Macro lo miró con el ceño fruncido, como si intentara descubrir si se trataba de algún tipo de broma rebuscada.

– Le ruego que me crea, señor. Es cierto. ¿Le he mentido alguna vez? ¿Lo he hecho, señor?

– Bueno, sí, lo has hecho. Cuando me dijiste que sabías nadar.

– ¡Eso era distinto, señor! -Mira, Cato. -Macro cedió-. Voy a creerte. Aceptaré que lo que dices es cierto. Pero si resulta que no lo es, entonces te romperé todos los huesos del cuerpo, ¿entendido?

Cato movió la cabeza en señal de afirmación. -Muy bien. Veamos, ¿dónde es probable que haya ido esa chica tuya con esa venda?

– A ver a Vitelio. Tiene que ser él. Tiene que ser él el que conspira con los britanos.

– ¡Ya anda otra vez con las tretas de siempre! -exclamó Macro con un suspiro- A ese tipo no le vendría nada mal una espada entre los omóplatos en una noche oscura. Será mejor que vayamos a ver si podemos encontrar a Lavinia. Vamos.

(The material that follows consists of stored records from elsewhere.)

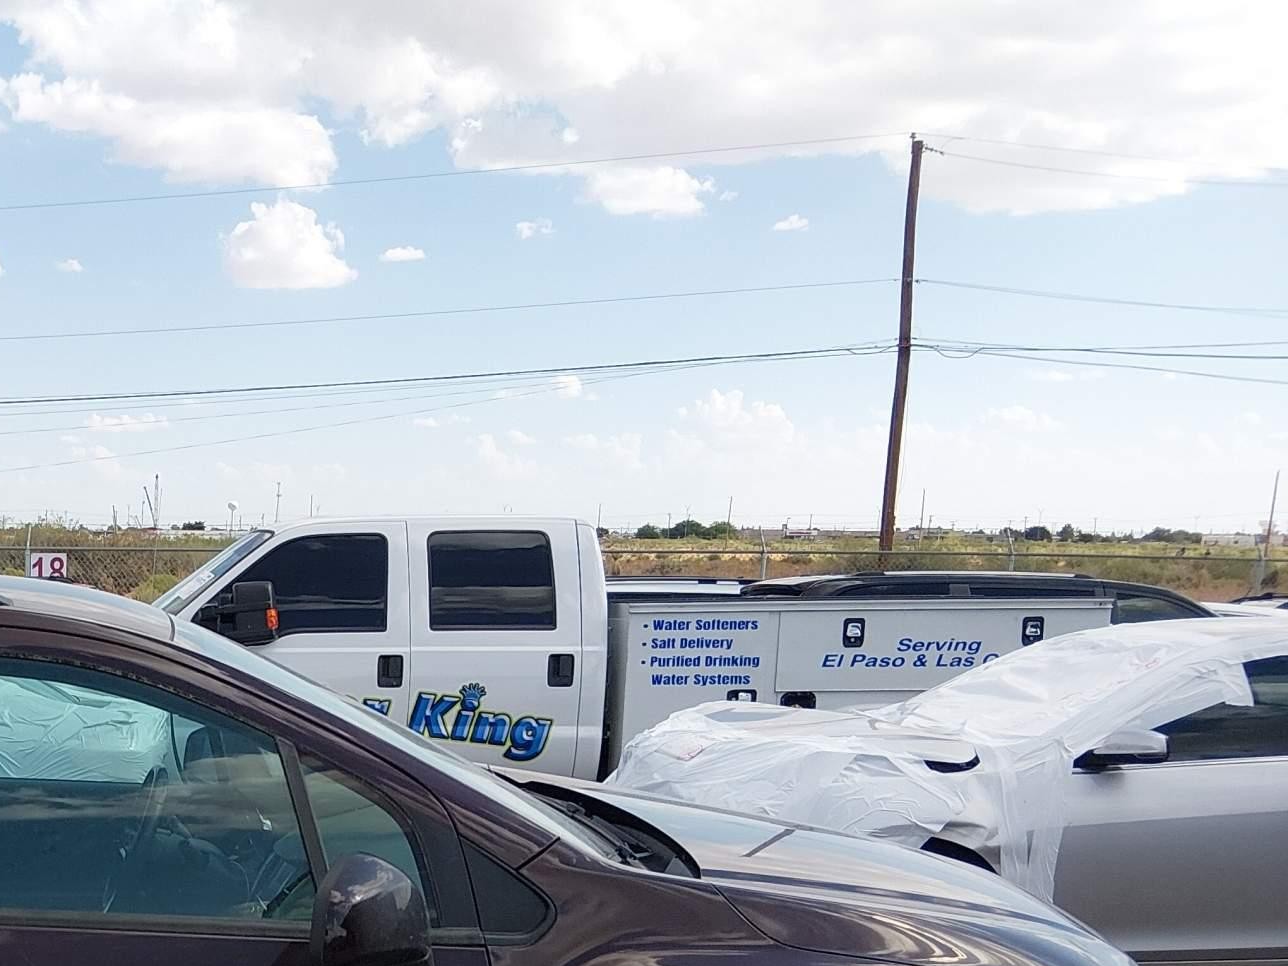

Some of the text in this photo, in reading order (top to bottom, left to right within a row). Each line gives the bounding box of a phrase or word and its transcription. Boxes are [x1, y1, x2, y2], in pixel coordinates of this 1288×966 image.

[32, 557, 64, 577] 18
[653, 619, 758, 631] Water Softeners
[651, 637, 733, 650] Salt Delivery
[897, 638, 982, 654] Serving
[650, 655, 760, 668] Purified Drinking
[822, 654, 844, 668] El
[850, 654, 905, 668] Paso
[913, 654, 927, 668] &
[936, 654, 975, 668] Las
[651, 674, 751, 686] Water Systems
[408, 683, 553, 761] King
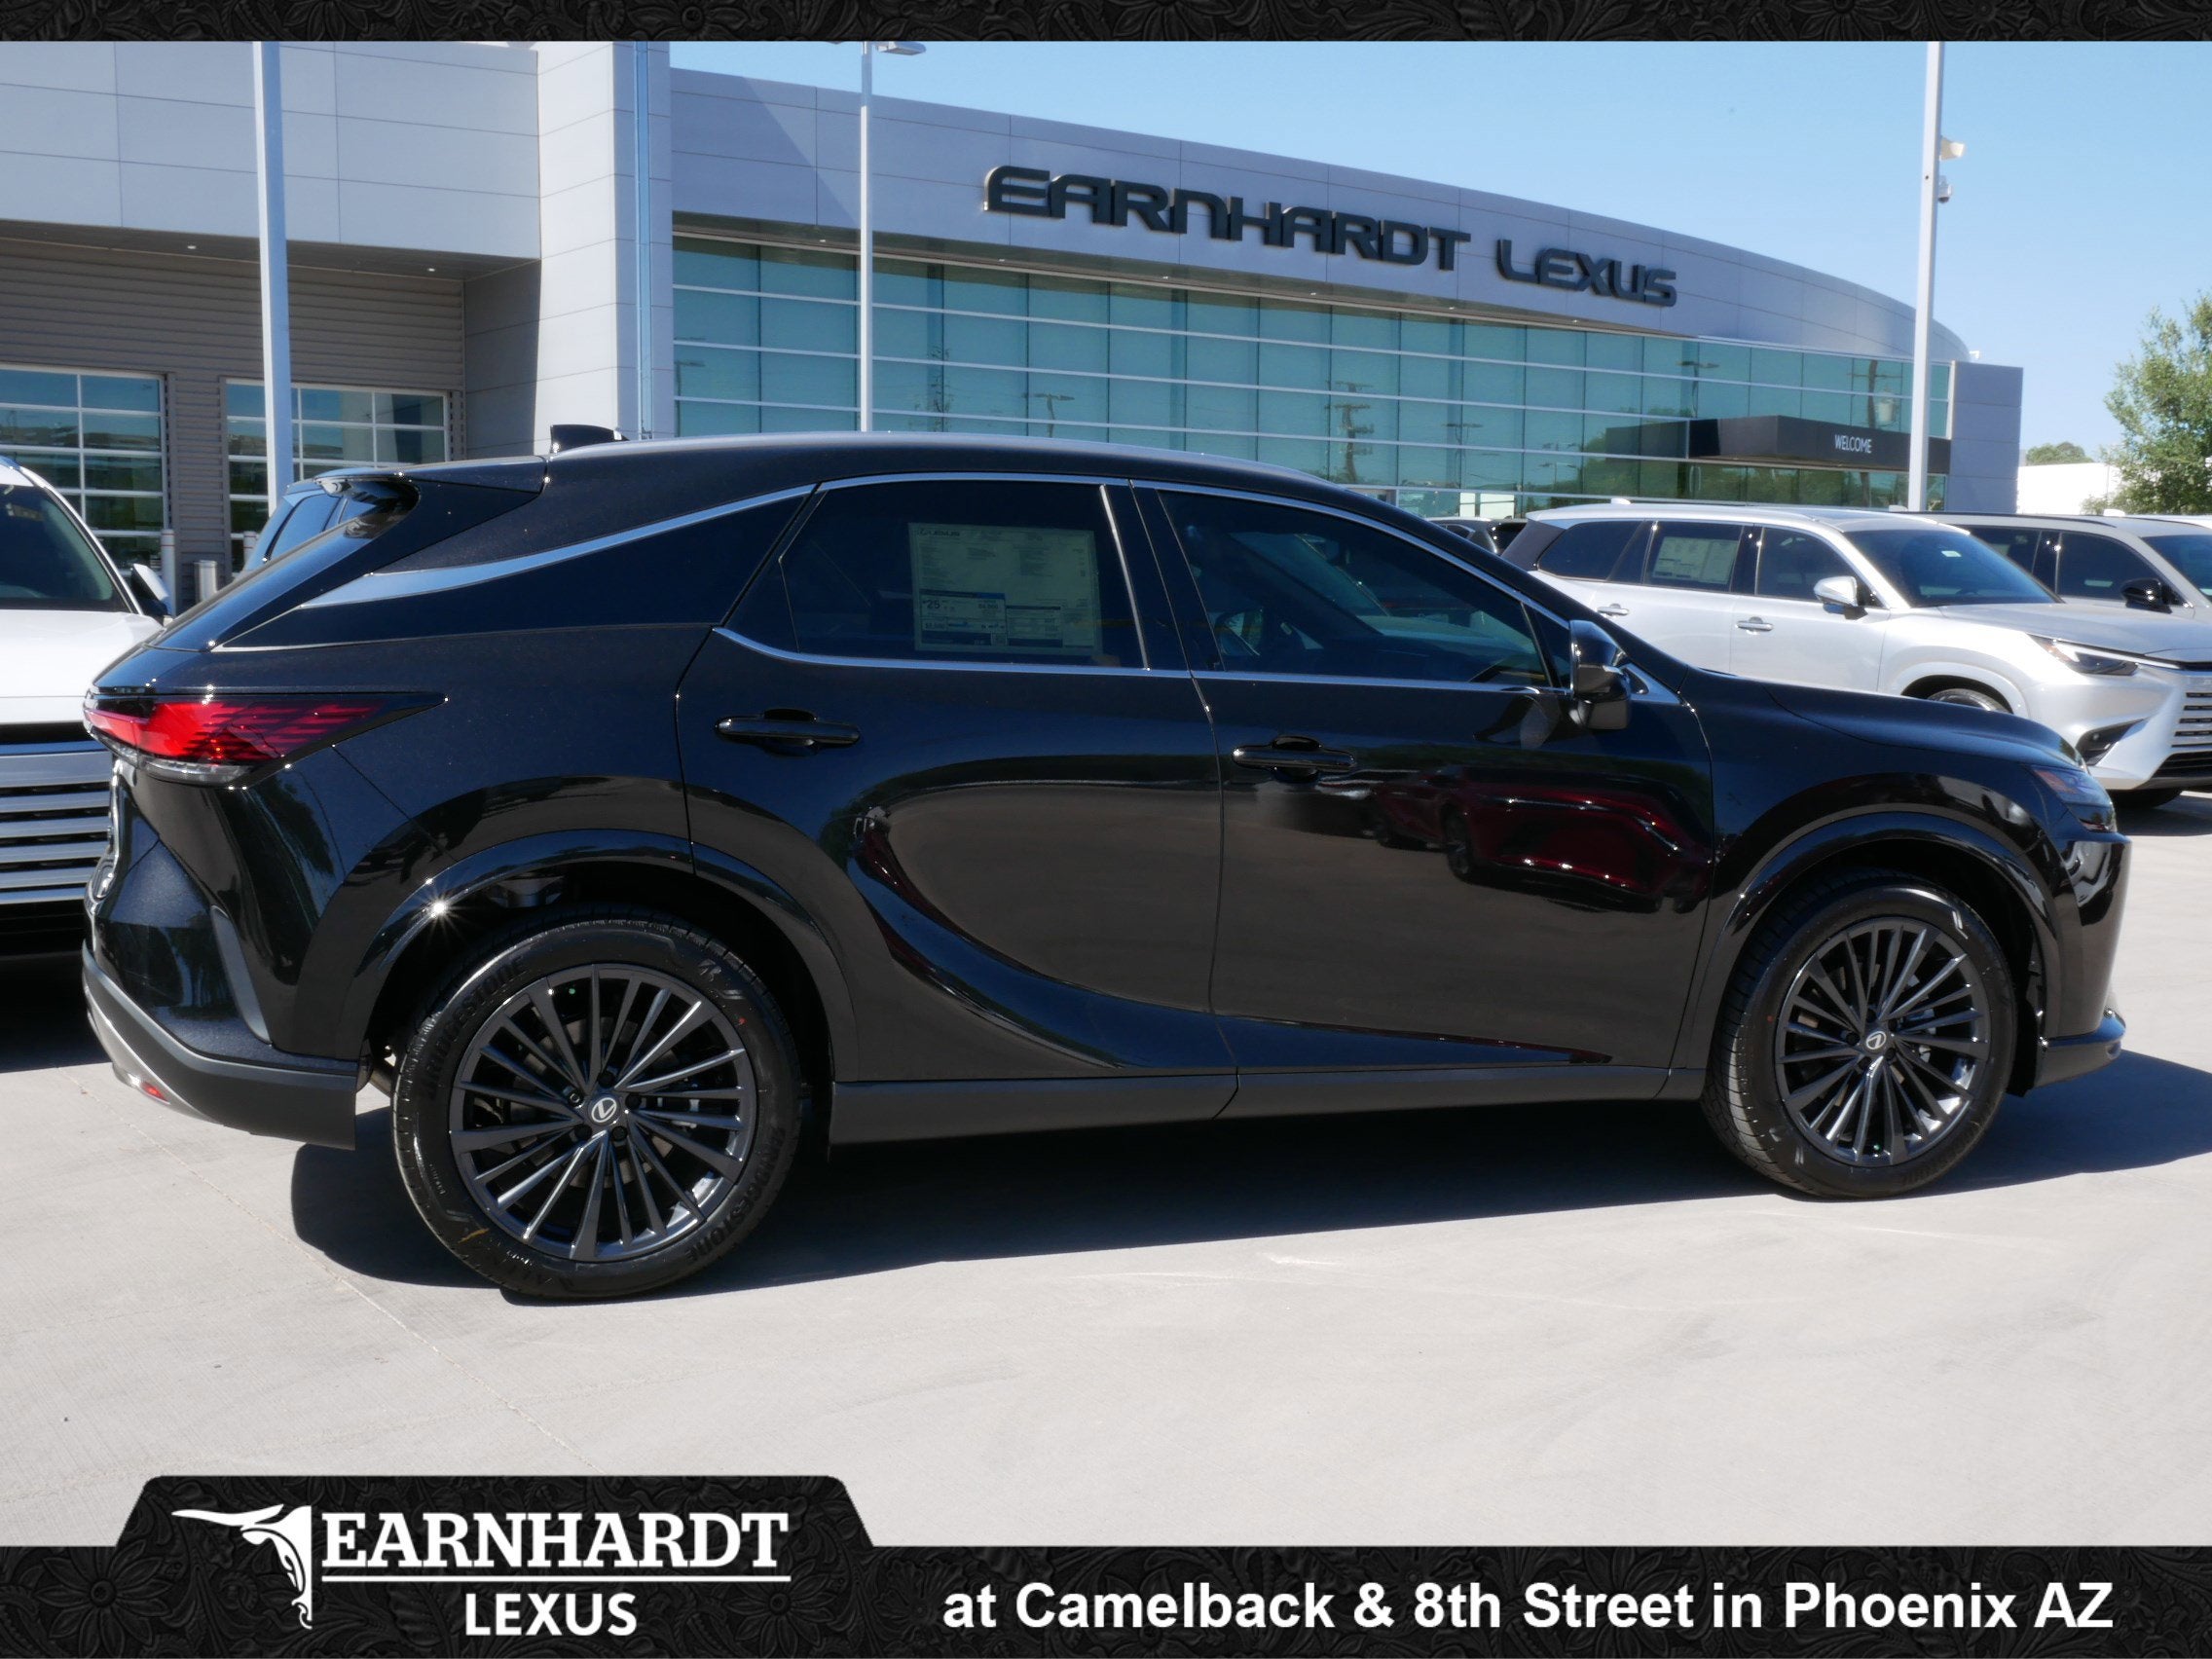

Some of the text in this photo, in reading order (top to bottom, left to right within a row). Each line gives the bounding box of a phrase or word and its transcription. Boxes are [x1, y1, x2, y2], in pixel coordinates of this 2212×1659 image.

[983, 166, 1677, 308] EARNHARDT LEXUS
[1834, 434, 1872, 454] WELCOME

Volvieron a toda prisa a la zona del vasto campamento ocupada por la segunda legión y se dirigieron a la hilera de tiendas de los oficiales. La tienda del tribuno superior estaba al final de la línea, era la más próxima al cuartel general de la legión y los dos guardias que Vitelio tenía asignados se hallaban bajo los flecos del toldo, con las manos en el borde del escudo y las lanzas apoyadas en el suelo. Cuando Cato y su centurión se acercaron a los guardias, Macro esbozó una afable sonrisa y los saludó con la mano.

– ¿Todo bien, muchachos? Ellos asintieron cansinamente con la cabeza.

– ¿Está el tribuno? -Sí, señor. -Dile que tiene invitados. -Lo siento, señor, no puedo hacerlo. Son órdenes estrictas. Tiene una visita y no se le puede molestar.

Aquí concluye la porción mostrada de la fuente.